▶ [ACTION ITEM]
Leave out any picture and return the remaining listing below exactly as given.

══ EXERCISE INPUT ══

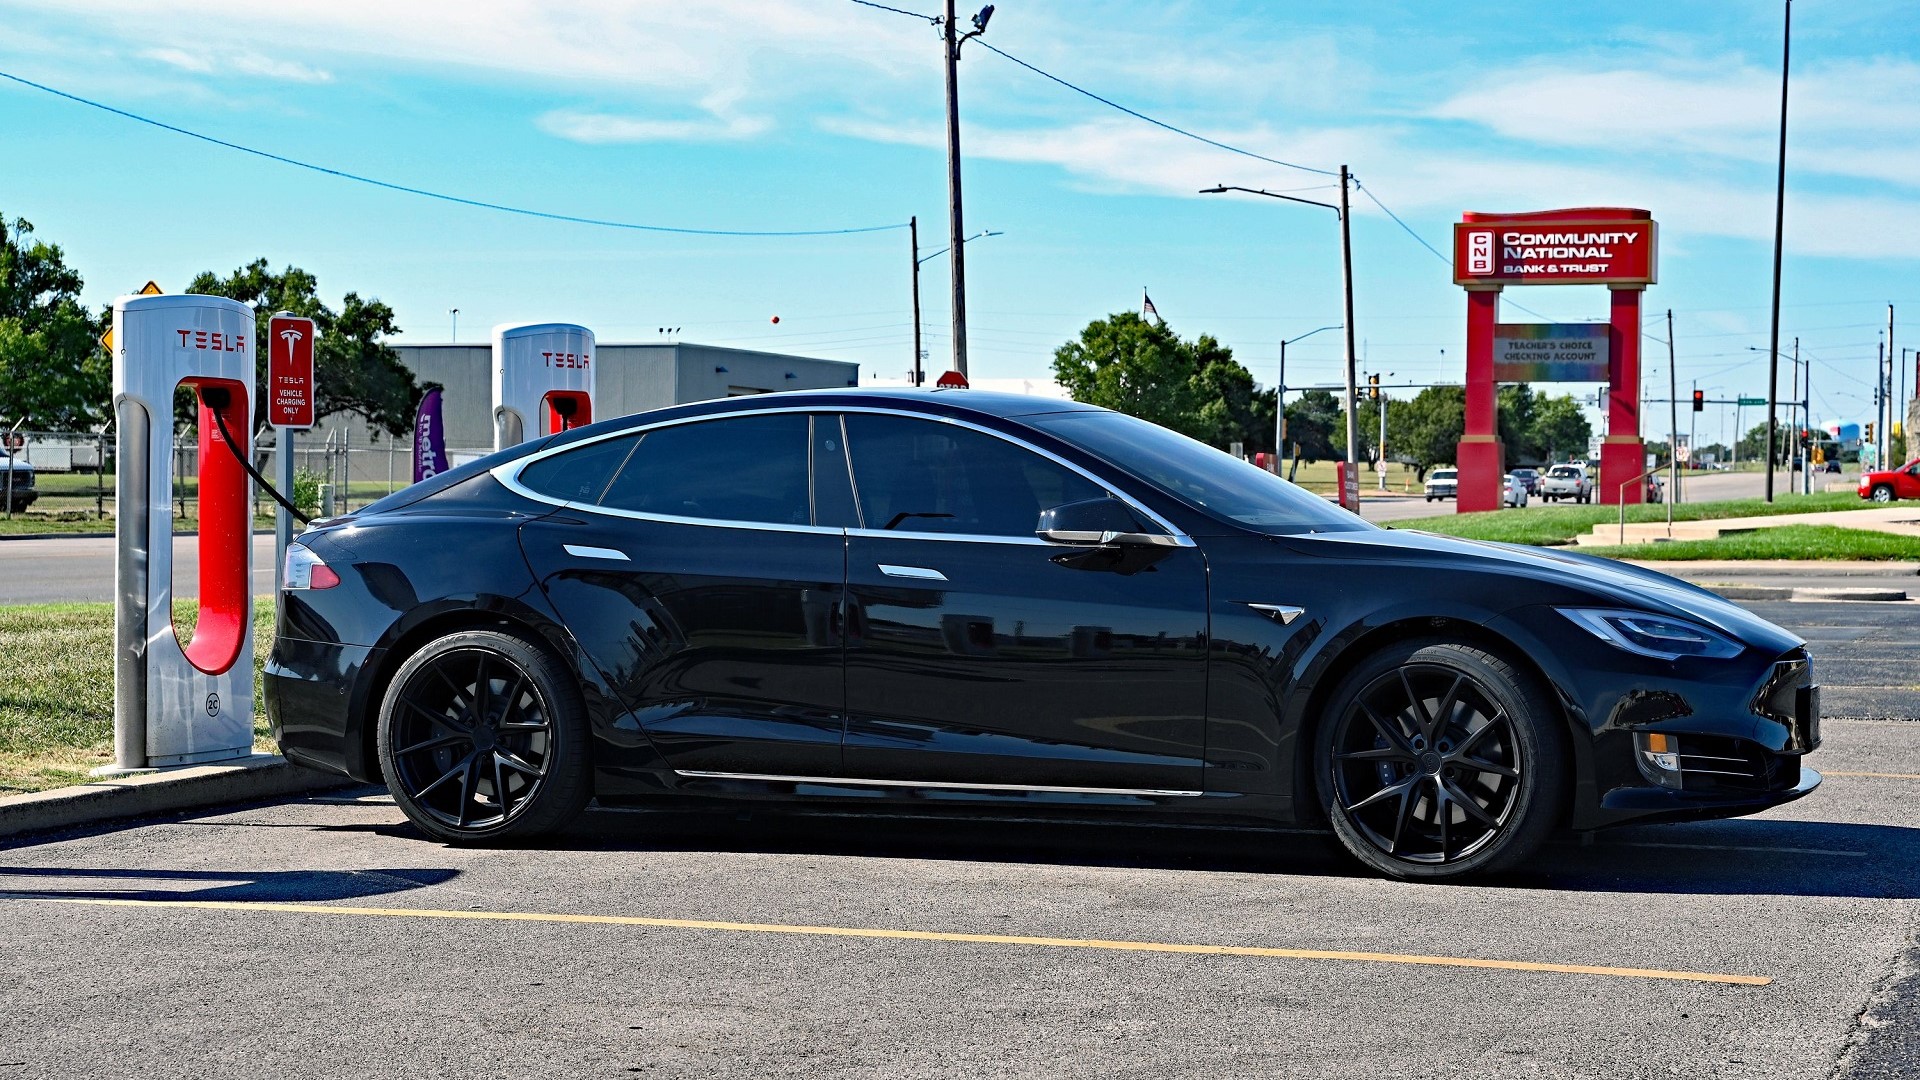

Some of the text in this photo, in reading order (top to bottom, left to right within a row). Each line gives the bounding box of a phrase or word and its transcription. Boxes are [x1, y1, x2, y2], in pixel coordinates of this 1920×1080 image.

[1503, 232, 1638, 245] COMMUNITY
[1474, 235, 1487, 269] CNB
[1503, 247, 1613, 260] NATIONAL
[1503, 263, 1609, 274] BANK & TRUST
[176, 329, 245, 353] TESLA
[1508, 341, 1593, 350] TEACHER'S CHOICE
[542, 352, 590, 369] TESLA
[1504, 352, 1596, 361] CHECKING ACCOUNT
[278, 376, 304, 384] TESLA
[279, 389, 303, 397] VEHICLE
[276, 398, 306, 406] CHARGING
[283, 406, 299, 414] ONLY
[208, 700, 218, 709] 2C
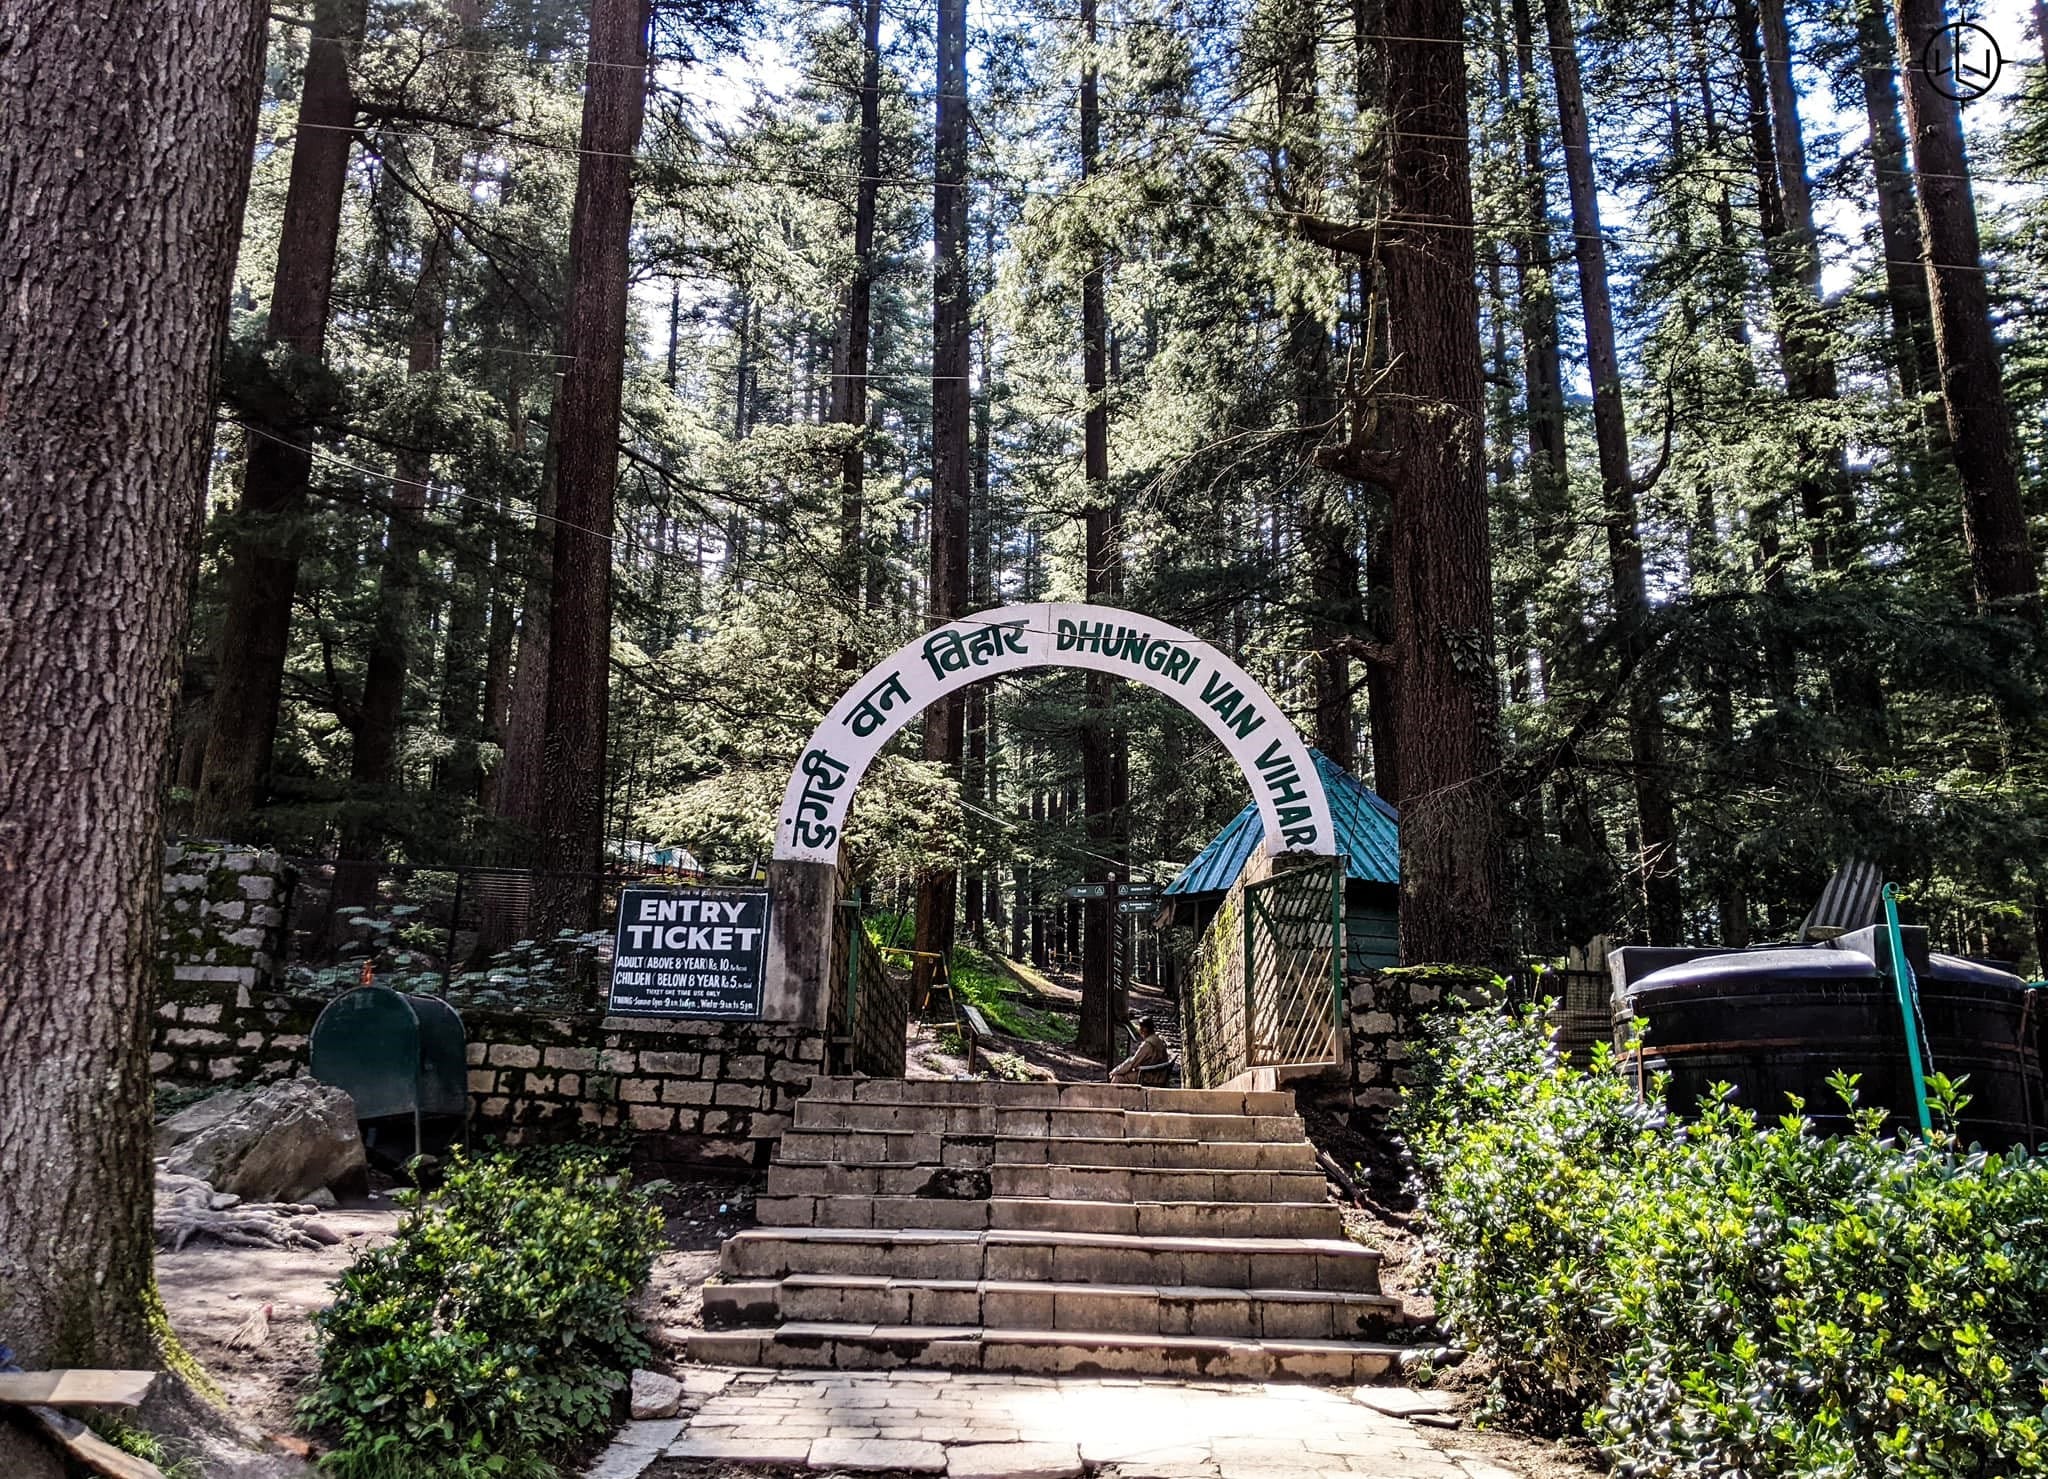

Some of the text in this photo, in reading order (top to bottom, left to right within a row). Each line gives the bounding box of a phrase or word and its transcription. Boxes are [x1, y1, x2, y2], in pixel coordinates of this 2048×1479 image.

═══

▶ [EXERCISE RESULT]
Some of the text in this photo, in reading order (top to bottom, left to right within a row). Each line gives the bounding box of a phrase or word and its transcription. Boxes are [x1, y1, x2, y2], in pixel coordinates of this 1920×1080 image.

[1503, 232, 1638, 245] COMMUNITY
[1474, 235, 1487, 269] CNB
[1503, 247, 1613, 260] NATIONAL
[1503, 263, 1609, 274] BANK & TRUST
[176, 329, 245, 353] TESLA
[1508, 341, 1593, 350] TEACHER'S CHOICE
[542, 352, 590, 369] TESLA
[1504, 352, 1596, 361] CHECKING ACCOUNT
[278, 376, 304, 384] TESLA
[279, 389, 303, 397] VEHICLE
[276, 398, 306, 406] CHARGING
[283, 406, 299, 414] ONLY
[208, 700, 218, 709] 2C

Some of the text in this photo, in reading order (top to bottom, left to right within a row). Each line gives the bounding box of a phrase or word and its transcription. Boxes are [x1, y1, x2, y2], in pixel coordinates of this 2048×1479 image.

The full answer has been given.